Astronomía

La supernova que no se resigna a desvanecerse


Usando el observatorio espacial XMM-Newton de la Agencia Espacial Europea (ESA), un equipo de astrónomos ha descubierto que esta supernova, llamada SN 1979C, no muestra ninguna señal de desvanecimiento. Los científicos pueden documentar la historia única de la estrella, antes y después de la explosión, estudiando anillos de luz dejados por la explosión, de modo similar a cómo los botánicos cuentan anillos en un tronco de árbol para estudiar su historia.

Entre los muchos hallazgos únicos figura la historia del viento estelar de la estrella, incluso de hasta 16.000 años antes de la explosión. Tal información no se conoce ni de nuestro propio Sol. Los astrónomos también podrían medir la densidad del material alrededor de la estrella, otro logro pionero. El misterio que perdura, sin embargo, es cómo esta estrella pudo desvanecerse en luz visible permaneciendo en cambio tan radiante en rayos X.

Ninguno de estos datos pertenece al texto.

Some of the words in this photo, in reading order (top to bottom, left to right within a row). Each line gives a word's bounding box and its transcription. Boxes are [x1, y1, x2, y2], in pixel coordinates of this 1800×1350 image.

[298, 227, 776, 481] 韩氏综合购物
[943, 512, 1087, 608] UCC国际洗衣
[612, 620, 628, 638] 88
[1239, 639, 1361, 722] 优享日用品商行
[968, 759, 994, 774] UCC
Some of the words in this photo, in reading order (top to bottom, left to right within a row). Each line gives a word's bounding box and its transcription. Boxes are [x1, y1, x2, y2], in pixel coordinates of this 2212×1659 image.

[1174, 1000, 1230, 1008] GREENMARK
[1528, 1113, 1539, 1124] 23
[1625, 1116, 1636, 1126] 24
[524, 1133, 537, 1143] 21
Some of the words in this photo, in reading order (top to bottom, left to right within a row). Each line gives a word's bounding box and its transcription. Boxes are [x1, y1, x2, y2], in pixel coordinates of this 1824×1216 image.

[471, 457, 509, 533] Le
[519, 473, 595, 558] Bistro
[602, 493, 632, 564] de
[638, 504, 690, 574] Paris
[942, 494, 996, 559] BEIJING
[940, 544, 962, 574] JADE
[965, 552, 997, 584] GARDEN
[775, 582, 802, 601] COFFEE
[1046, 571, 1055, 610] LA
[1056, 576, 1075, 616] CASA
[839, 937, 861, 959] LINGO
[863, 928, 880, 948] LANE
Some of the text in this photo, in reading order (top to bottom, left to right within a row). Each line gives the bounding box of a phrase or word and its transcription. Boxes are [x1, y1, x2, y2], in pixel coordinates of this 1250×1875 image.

Las estrellas masivas explotan cuando se quedan sin combustible nuclear para quemar. Las estrellas con más de 10 veces la masa de nuestro Sol explotan en un evento llamado "supernova de núcleo colapsante". Sin combustible, y por tanto sin energía para soportar su propia fuerza de gravedad, tales estrellas se hunden sobre sí mismas. El núcleo alcanza una densidad crítica, y mucha de la materia colapsante es arrojada en sentido inverso hacia el espacio por poderosas ondas de choque.

Las supernovas pueden eclipsar una galaxia entera y son a menudo vistas fácilmente en galaxias cercanas con telescopios simples de aficionados. Las supernovas suelen caer a la mitad de su luminosidad inicial después de unos diez días, y se desvanecen regularmente después de eso, con independencia de la longitud de onda.

Extinción supernova
La supernova SN 1979C se halla a las 7 en punto, en esta imagen de rayos-X (Foto: ESA/NASA/Immler et al)
SN 1979C se ha desvanecido en la franja óptica en un factor de 250, volviéndose apenas visible con un buen telescopio de aficionado. En rayos X, sin embargo, esta supernova es todavía el objeto más luminoso en su galaxia anfitriona, la M100, en la constelación de la Cabellera de Berenice.

Identificando la historia del cuerpo estelar que creó a SN 1979C, el equipo encontró que esta estrella, unas 18 veces más masiva que nuestro Sol, produjo feroces vientos estelares. Este material fue lanzado al espacio paulatinamente, creando anillos concéntricos alrededor de la estrella.

Los rayos X- producidos después de la explosión cuando la onda de choque de la supernova alcanzó al viento estelar y lo calentó a una temperatura de varios millones de grados, iluminaron 16.000 años de actividad estelar.

El análisis detallado ha sido posible sólo porque SN 1979C no se ha desvanecido aún. Los científicos tienen 25 años de datos en una variedad de longitudes de onda, desde las ondas de radio hasta los rayos X, pasando por el espectro óptico y el ultravioleta. Se especula con que la abundancia de viento estelar ha proporcionado amplio material para mantener a SN 1979C resplandeciendo de forma tan intensa.